Canadian natural resources
Canadian Natural Resources has increased its dividend annually for the past 25 years. This is an impressive track record in an industry that relies on commodity prices to determine margins. CNRL has a diversified asset base that includes oil sands, offshore oil, conventional heavy and light oil, natural gas and natural gas liquids production.
The company is the sole or majority owner of most of its operations. This increases risk, but also gives CNRL the flexibility to quickly move capital within the portfolio to take advantage of positive movements in oil and natural gas prices. CNRL is best known for its oil activities, but is also a major natural gas producer.
Demand for natural gas is expected to increase in the coming years as gas-fired power generation facilities are built to both replace coal-fired power plants and to supply electricity to new AI data centers.

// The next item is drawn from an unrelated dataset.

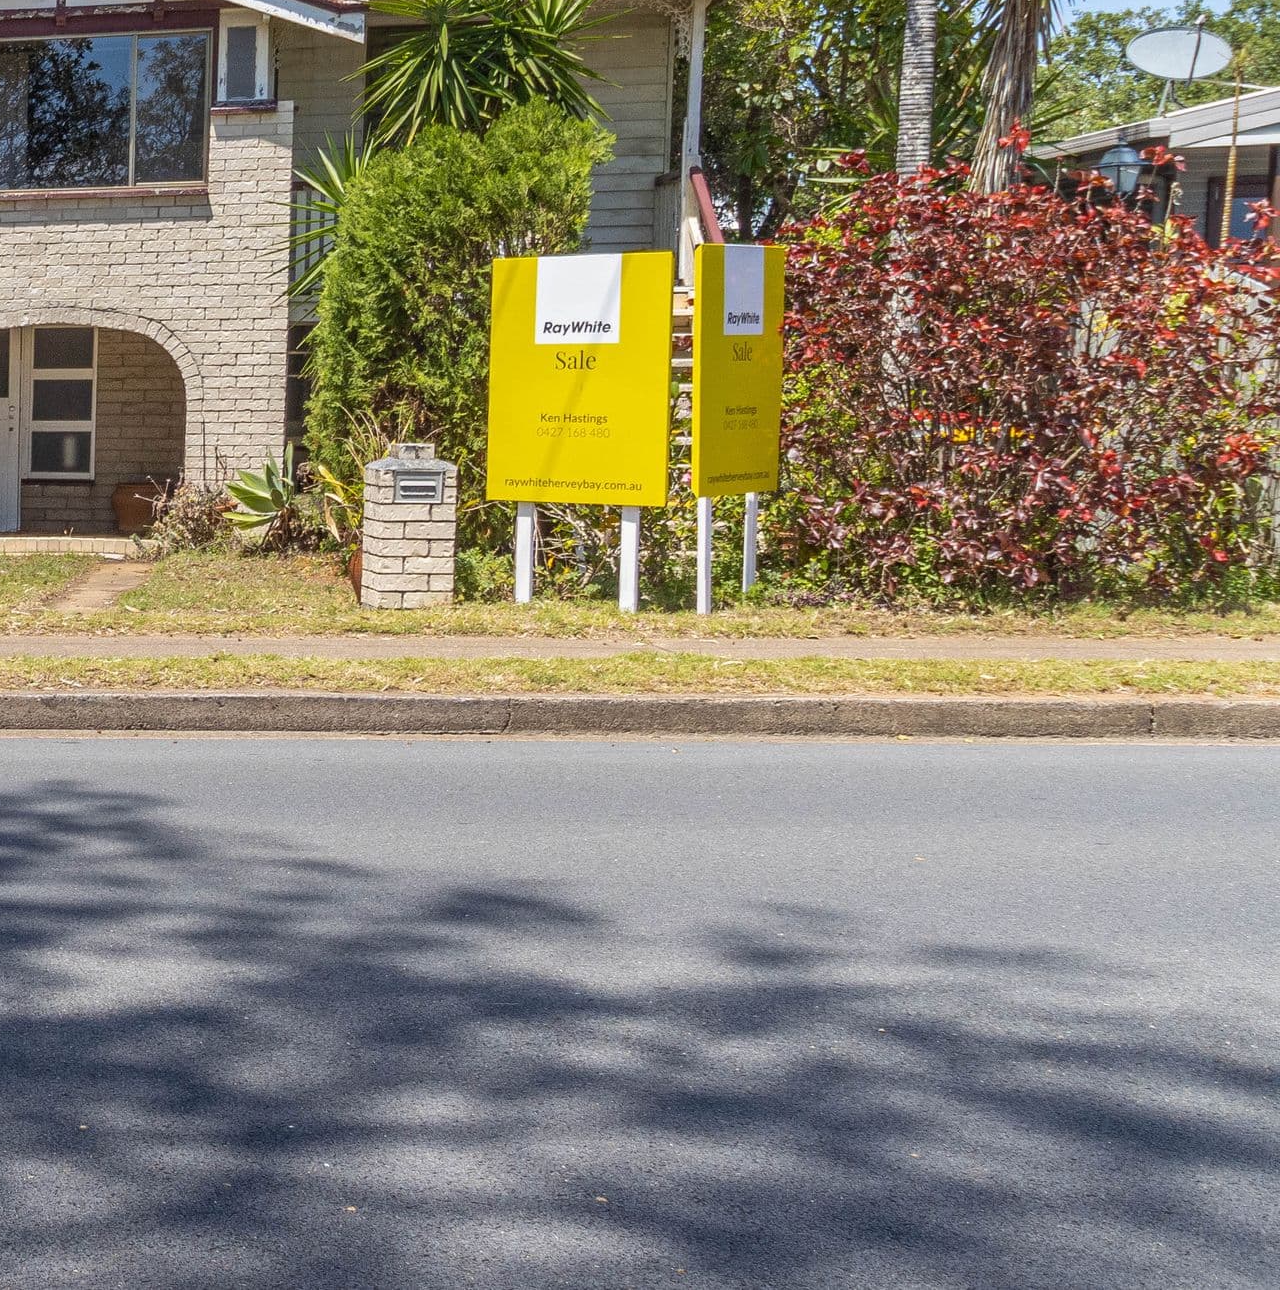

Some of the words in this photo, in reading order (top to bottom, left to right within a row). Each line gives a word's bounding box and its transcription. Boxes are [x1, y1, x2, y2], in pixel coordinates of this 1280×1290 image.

New liquefied natural gas (LNG) export facilities in British Columbia will allow CNRL and other producers to sell their product in higher-priced international markets.
CNRL continues to drive production growth through acquisitions and successful drilling programs. Adjusted profits rose in the first nine months of 2025 compared to last year, despite weaker energy prices.
Investors who buy CNQ stock at the current price can get a dividend yield of 4.9%.
Is one a better choice?
Investors who focus purely on passive income should make CNQ their first choice for the higher returns.
That said, Suncor has made good progress on its turnaround plan and should continue to attract investors who previously shunned the stock. The integrated business structure provides a more balanced revenue stream than pure-play producers.
At current prices, I would probably split a new investment between the two stocks.